--- START ---

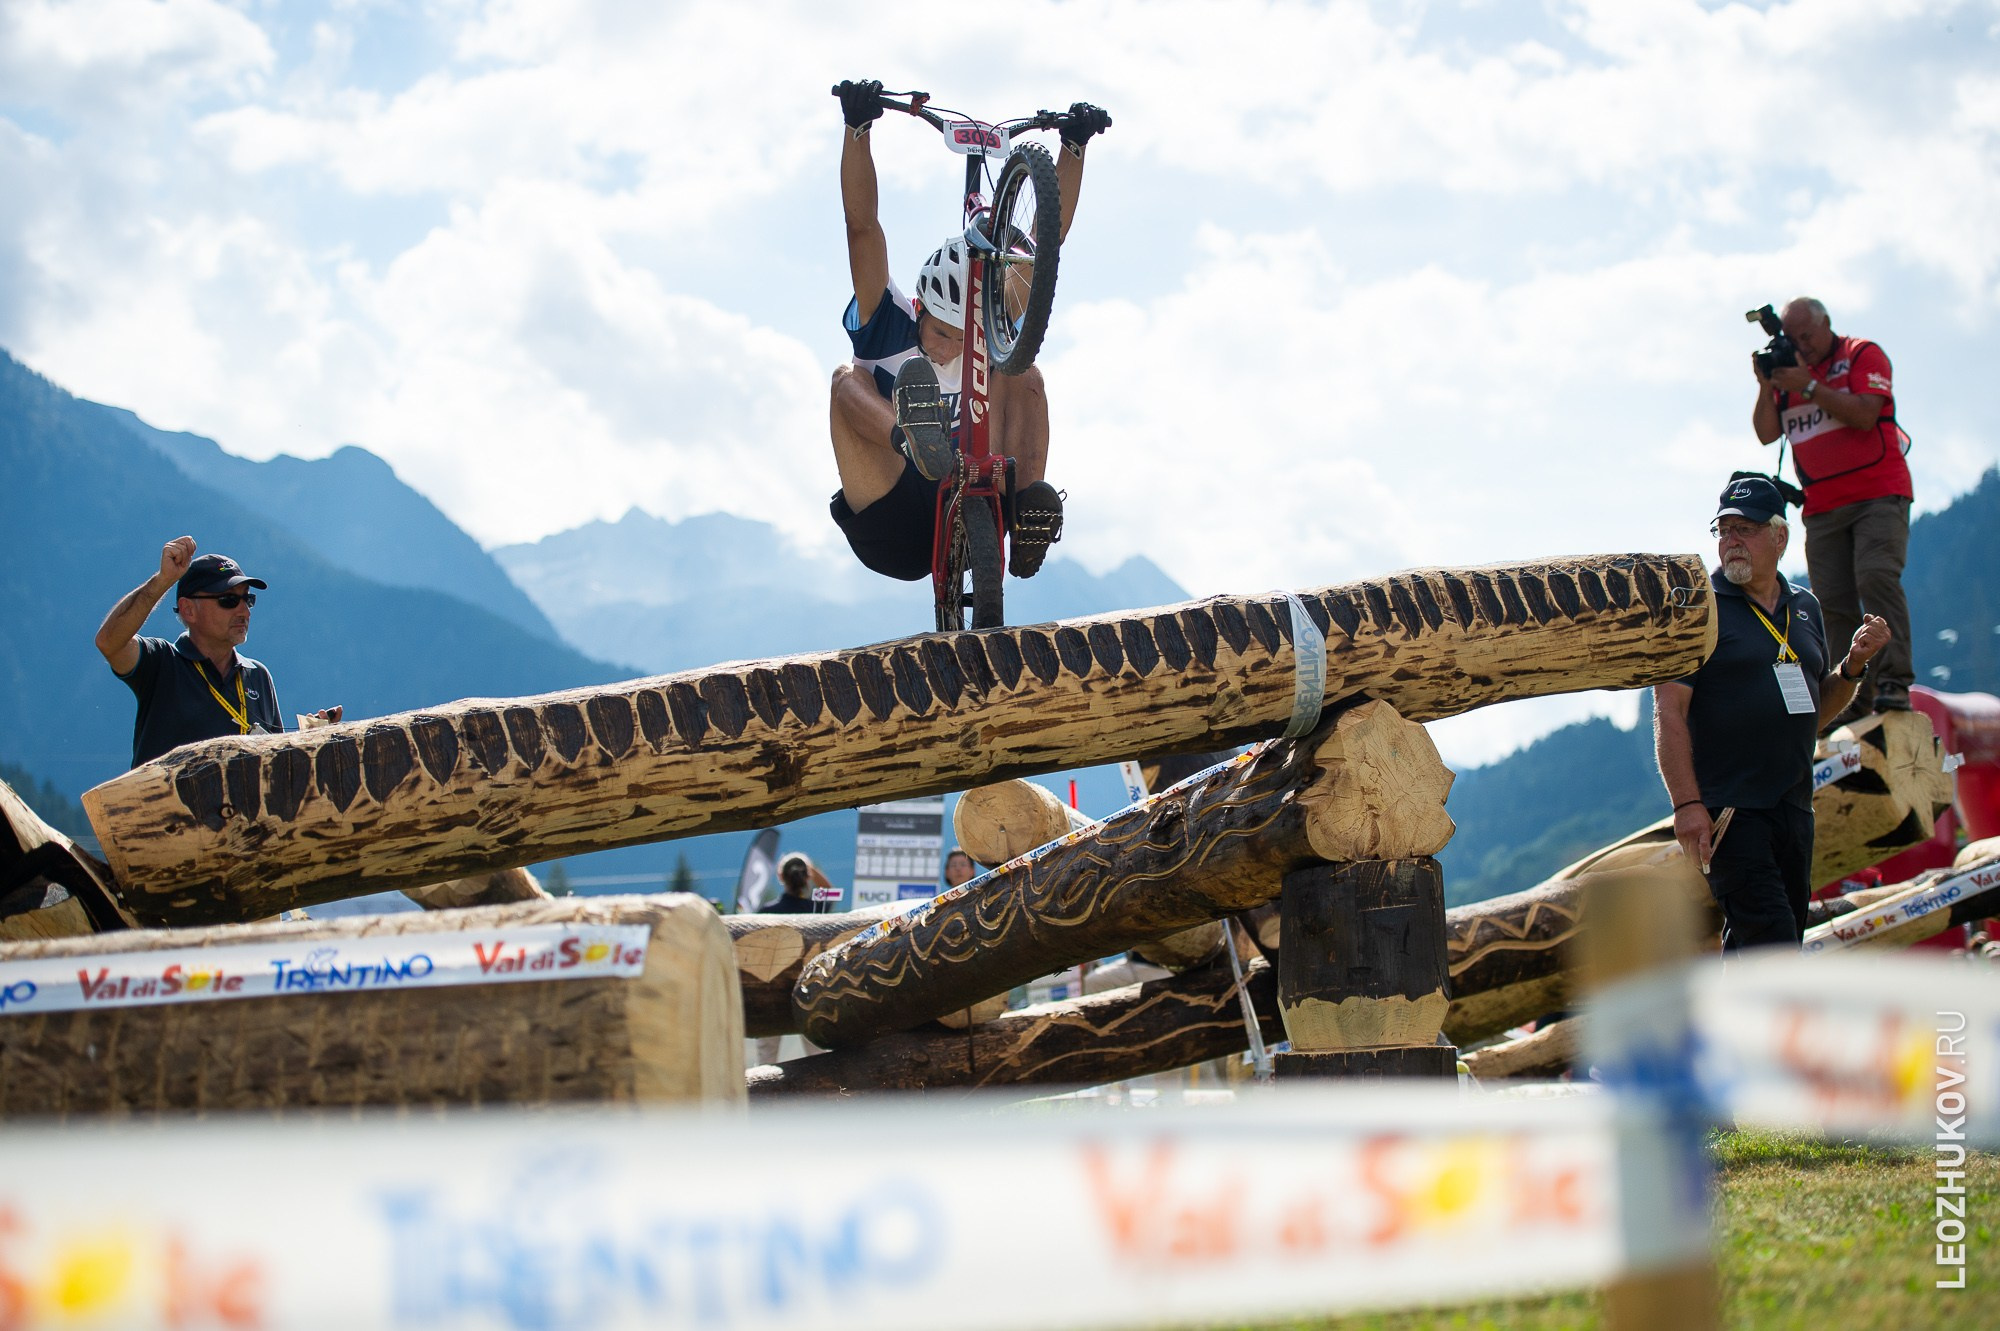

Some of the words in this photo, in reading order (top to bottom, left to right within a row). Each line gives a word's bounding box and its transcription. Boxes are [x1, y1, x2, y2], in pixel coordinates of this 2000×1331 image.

[959, 129, 998, 147] 303
[972, 277, 988, 396] CLEAN
[1901, 886, 1961, 919] TRENTINO
[77, 967, 129, 1000] Val
[160, 963, 244, 996] Sole
[270, 953, 433, 992] TRENTINO
[473, 941, 525, 975] Val
[559, 937, 644, 968] Sole

--- END ---

§ Exercise instructions: No pictures belong in the answer; copy all other parts of the listing exactly.

§ Answer to the exercise:
Some of the words in this photo, in reading order (top to bottom, left to right within a row). Each line gives a word's bounding box and its transcription. Boxes are [x1, y1, x2, y2], in pixel coordinates of this 2000×1331 image.

[959, 129, 998, 147] 303
[972, 277, 988, 396] CLEAN
[1901, 886, 1961, 919] TRENTINO
[77, 967, 129, 1000] Val
[160, 963, 244, 996] Sole
[270, 953, 433, 992] TRENTINO
[473, 941, 525, 975] Val
[559, 937, 644, 968] Sole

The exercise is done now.